Unlike many other hormones adrenaline (as with other catecholamines) does not exert negative feedback to down-regulate its own synthesis. Abnormally elevated levels of adrenaline can occur in a variety of conditions, such as surreptitious epinephrine administration, pheochromocytoma, and other tumors of the sympathetic ganglia.
Extracts of the adrenal gland were first obtained by Polish physiologist Napoleon Cybulski in 1895. These extracts, which he called nadnerczyna, contained adrenaline and other catecholamines. American ophthalmologist William H. Bates discovered adrenaline's usage for eye surgeries prior to 20 April 1896. Japanese chemist Jokichi Takamine and his assistant Keizo Uenaka independently discovered adrenaline in 1900. In 1901, Takamine successfully isolated and purified the hormone from the adrenal glands of sheep and oxen. Adrenaline was first synthesized in the laboratory by Friedrich Stolz and Henry Drysdale Dakin, independently, in 1904.
Society and culture
Names for epinephrine include adrenaline, adrenalin, and β,3,4-trihydroxy-N-methylphenethylamine.

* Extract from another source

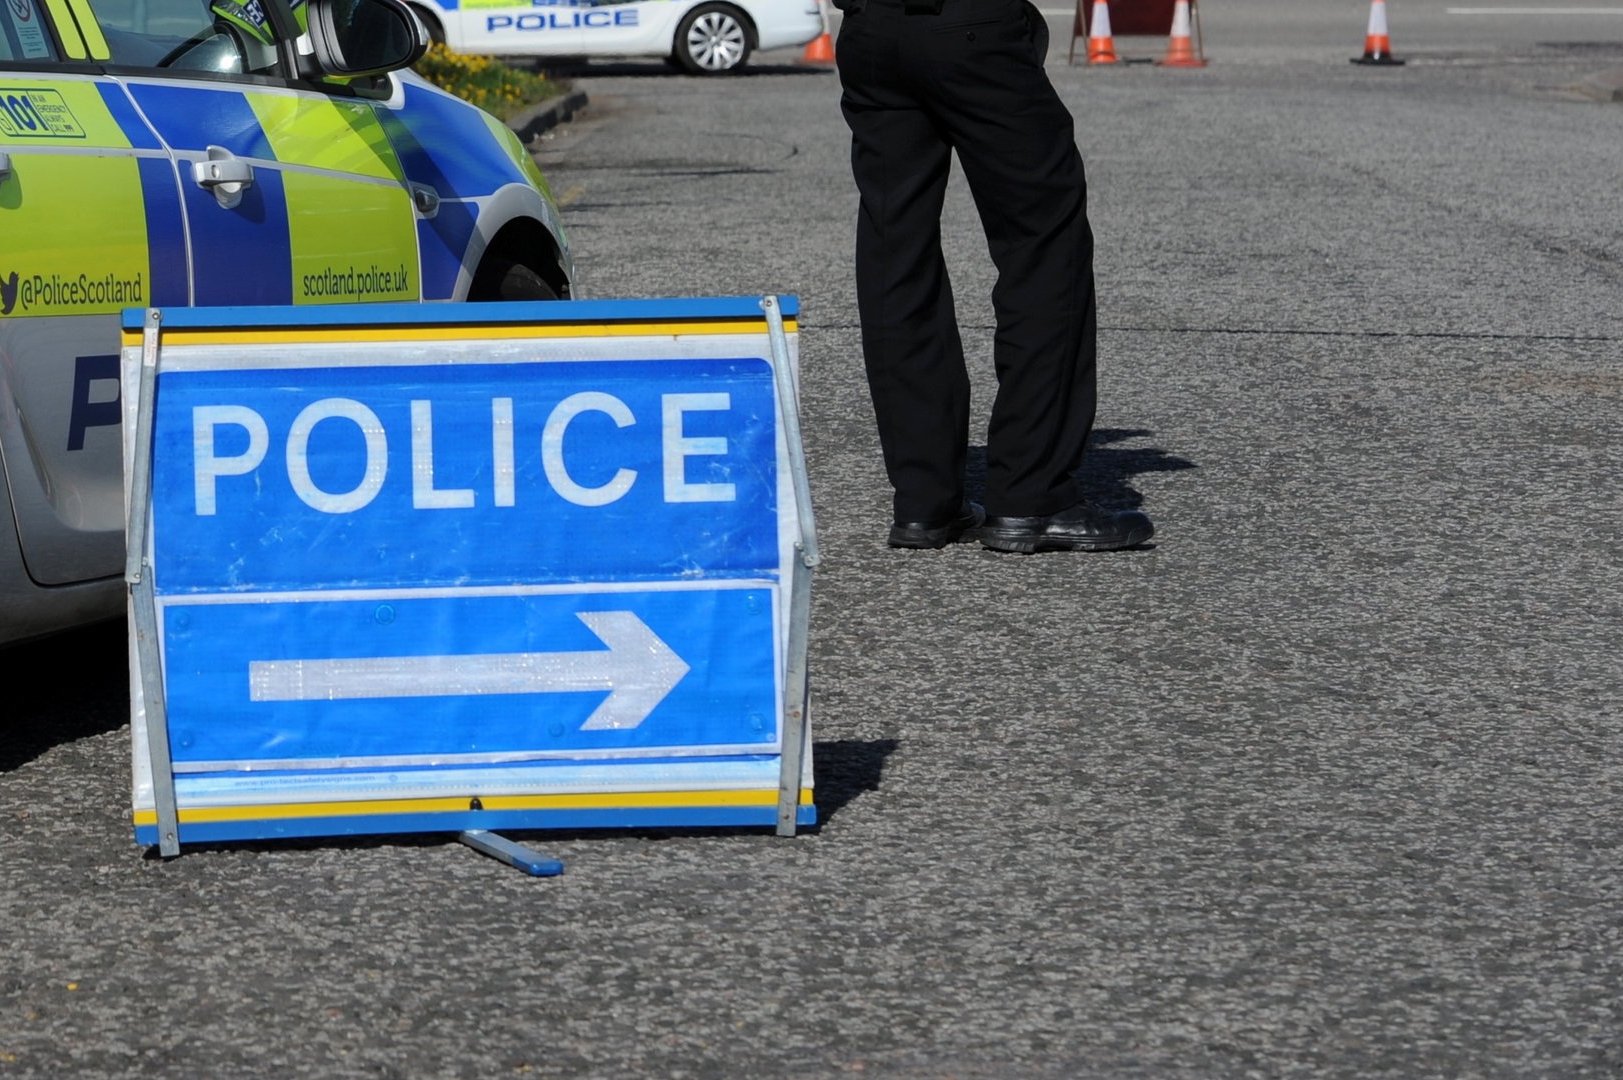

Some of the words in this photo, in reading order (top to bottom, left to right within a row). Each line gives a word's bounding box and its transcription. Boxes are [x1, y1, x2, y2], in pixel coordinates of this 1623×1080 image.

[487, 9, 640, 33] POLICE
[20, 272, 143, 311] @PoliceScotland
[303, 264, 409, 302] scotland.police.uk
[192, 391, 736, 516] POLICE

Epinephrine is available in an autoinjector delivery system. Twinject, which is now discontinued, contained a second dose of adrenaline in a separate syringe and needle delivery system contained within the body of the autoinjector. Though both EpiPen and Twinject are trademark names, common usage of the terms is drifting toward the generic context of any adrenaline autoinjector.